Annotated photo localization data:
- - -
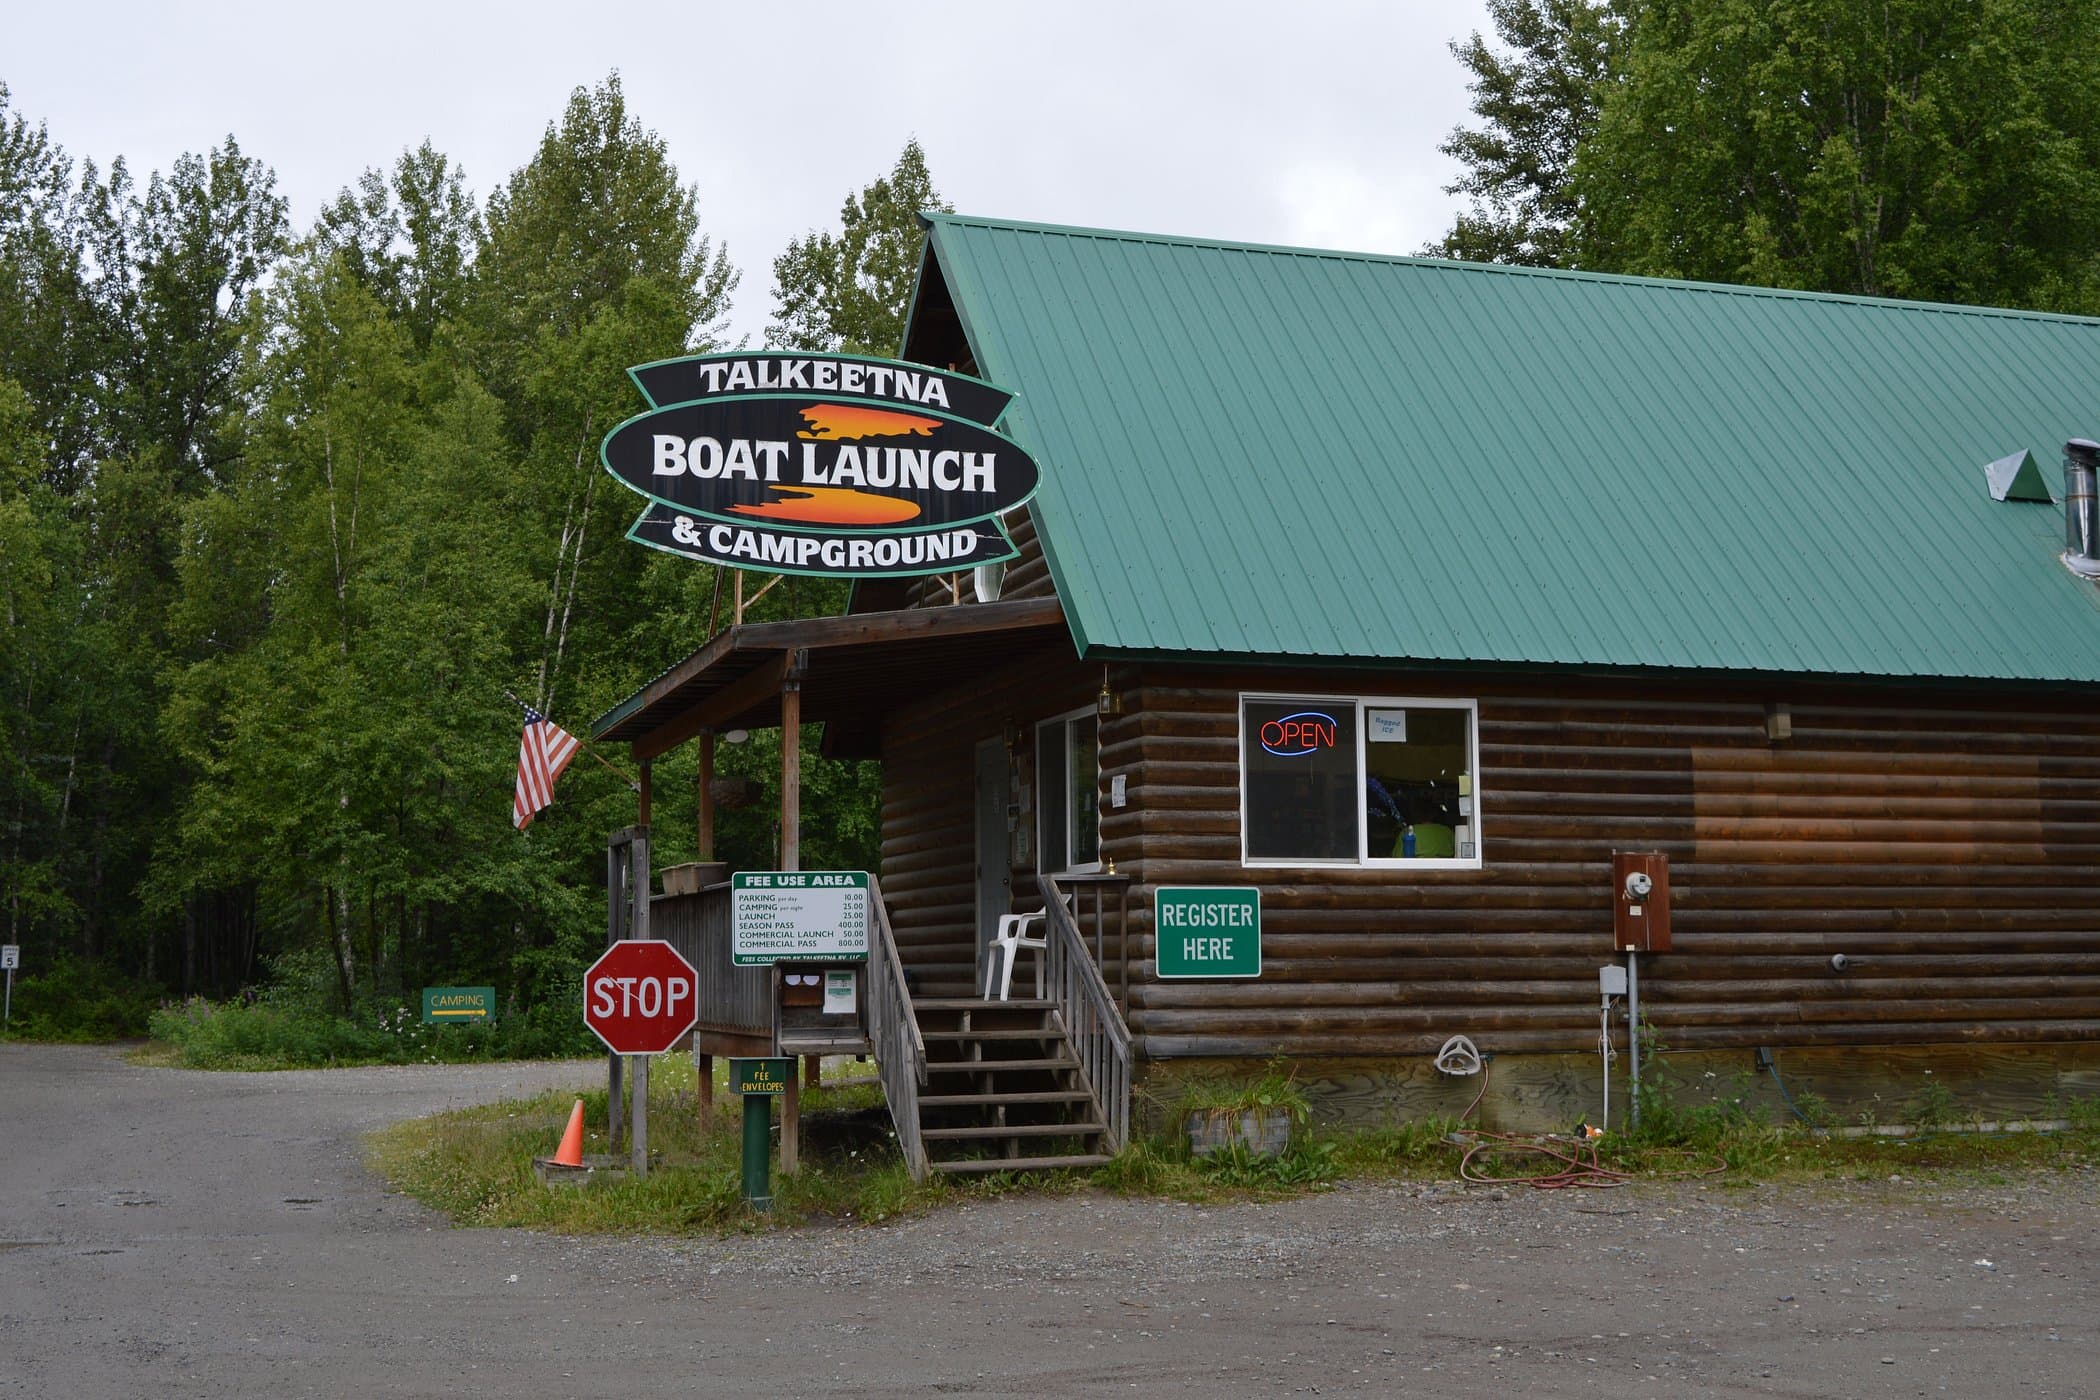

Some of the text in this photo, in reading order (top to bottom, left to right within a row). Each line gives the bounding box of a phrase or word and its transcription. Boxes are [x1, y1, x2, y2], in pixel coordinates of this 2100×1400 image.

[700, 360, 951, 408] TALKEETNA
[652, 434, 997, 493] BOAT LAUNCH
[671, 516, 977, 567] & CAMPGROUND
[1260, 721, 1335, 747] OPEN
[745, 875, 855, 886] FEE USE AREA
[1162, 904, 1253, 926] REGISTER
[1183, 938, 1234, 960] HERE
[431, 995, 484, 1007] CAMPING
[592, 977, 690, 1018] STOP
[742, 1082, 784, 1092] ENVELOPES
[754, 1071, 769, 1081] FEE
- - -
== Exercise description ==
Each record above should be duplicated word for word, with no pictures included.

== Response to the task ==
Some of the text in this photo, in reading order (top to bottom, left to right within a row). Each line gives the bounding box of a phrase or word and its transcription. Boxes are [x1, y1, x2, y2], in pixel coordinates of this 2100×1400 image.

[700, 360, 951, 408] TALKEETNA
[652, 434, 997, 493] BOAT LAUNCH
[671, 516, 977, 567] & CAMPGROUND
[1260, 721, 1335, 747] OPEN
[745, 875, 855, 886] FEE USE AREA
[1162, 904, 1253, 926] REGISTER
[1183, 938, 1234, 960] HERE
[431, 995, 484, 1007] CAMPING
[592, 977, 690, 1018] STOP
[742, 1082, 784, 1092] ENVELOPES
[754, 1071, 769, 1081] FEE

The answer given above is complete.